Jean-Frédéric Poisson a été interrogé sur RCF Anjou à propos du débat parlementaire sur la fin de vie. Fin janvier, le Sénat a rejeté le texte ouvrant une aide active à mourir, soutenu par l’exécutif, avant que celui-ci ne fasse son retour à l’Assemblée nationale. Une séquence parlementaire révélatrice d’un profond malaise français face à une question à la fois éthique, médicale et politique : comment accompagner la fin de vie sans renoncer à la dignité humaine ?

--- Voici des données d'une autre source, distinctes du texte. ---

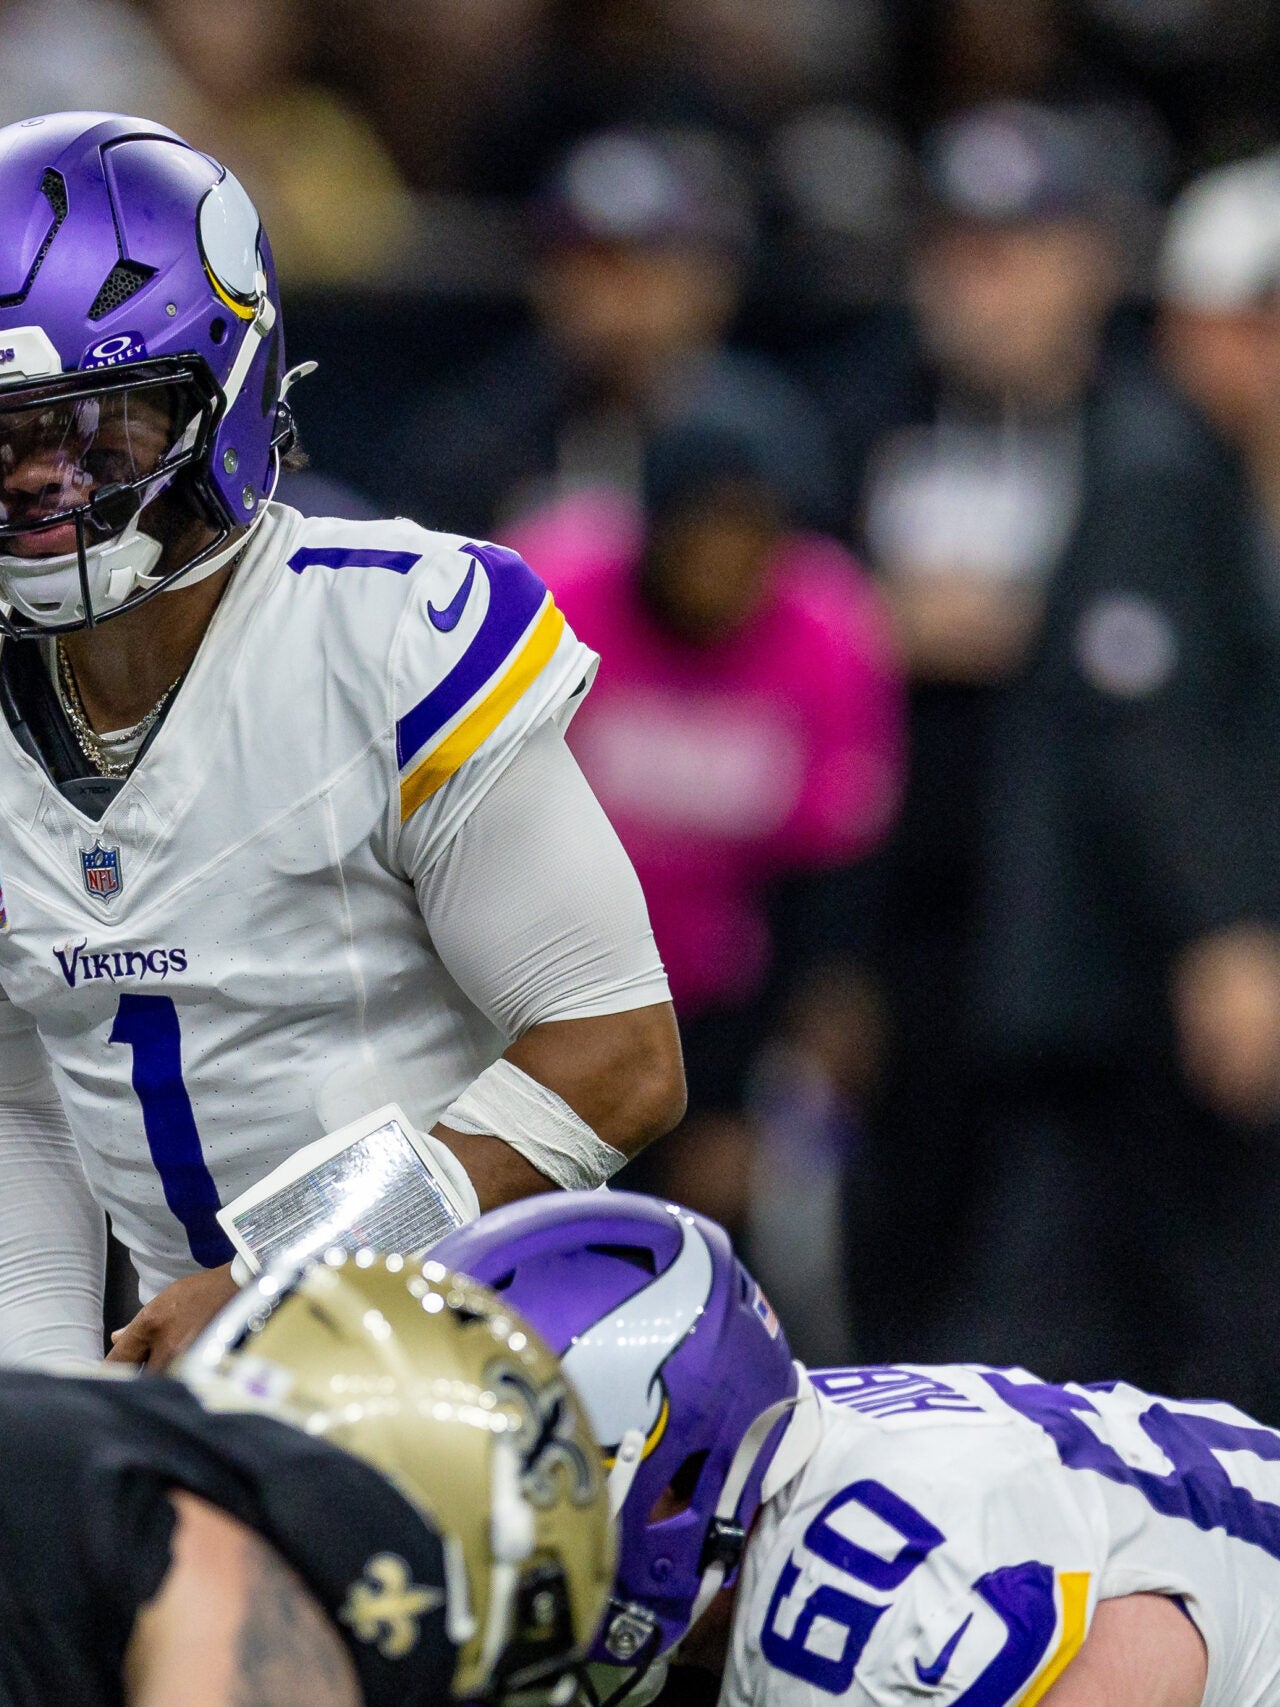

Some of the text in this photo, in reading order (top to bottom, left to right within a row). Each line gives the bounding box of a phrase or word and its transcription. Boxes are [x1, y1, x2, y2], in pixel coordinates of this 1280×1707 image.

[286, 547, 423, 575] 1
[87, 867, 117, 892] NFL
[108, 993, 238, 1270] 1
[760, 1478, 947, 1696] 60

Dans ce Grand Entretien, Thomas Cauchebrais reçoit Jean-Frédéric Poisson, philosophe, ancien député et président du parti Via – Parti chrétien-démocrate. Infatigable opposant à l’euthanasie, il publie Soins palliatifs, la vraie alternative à l’euthanasie aux éditions Mame, un plaidoyer pour une fin de vie fondée sur l’accompagnement, la présence et le soin plutôt que sur l’acte de donner la mort.
Au fil de cet échange, Jean-Frédéric Poisson décrypte les raisons du rejet sénatorial, alerte sur les zones les plus controversées du texte — délit d’entrave, liberté de conscience des soignants, obligations faites aux établissements médicaux catholiques— et dénonce ce qu’il considère comme une rupture majeure dans l’ordre juridique et moral. Il défend également le rôle central des soins palliatifs, encore trop inégalement accessibles en France, et interroge notre responsabilité collective face aux plus vulnérables.
L’occasion d’évoquer enfin ce nouveau changement de nom de parti ainsi que les échéances des prochaines municipales pour le PCD.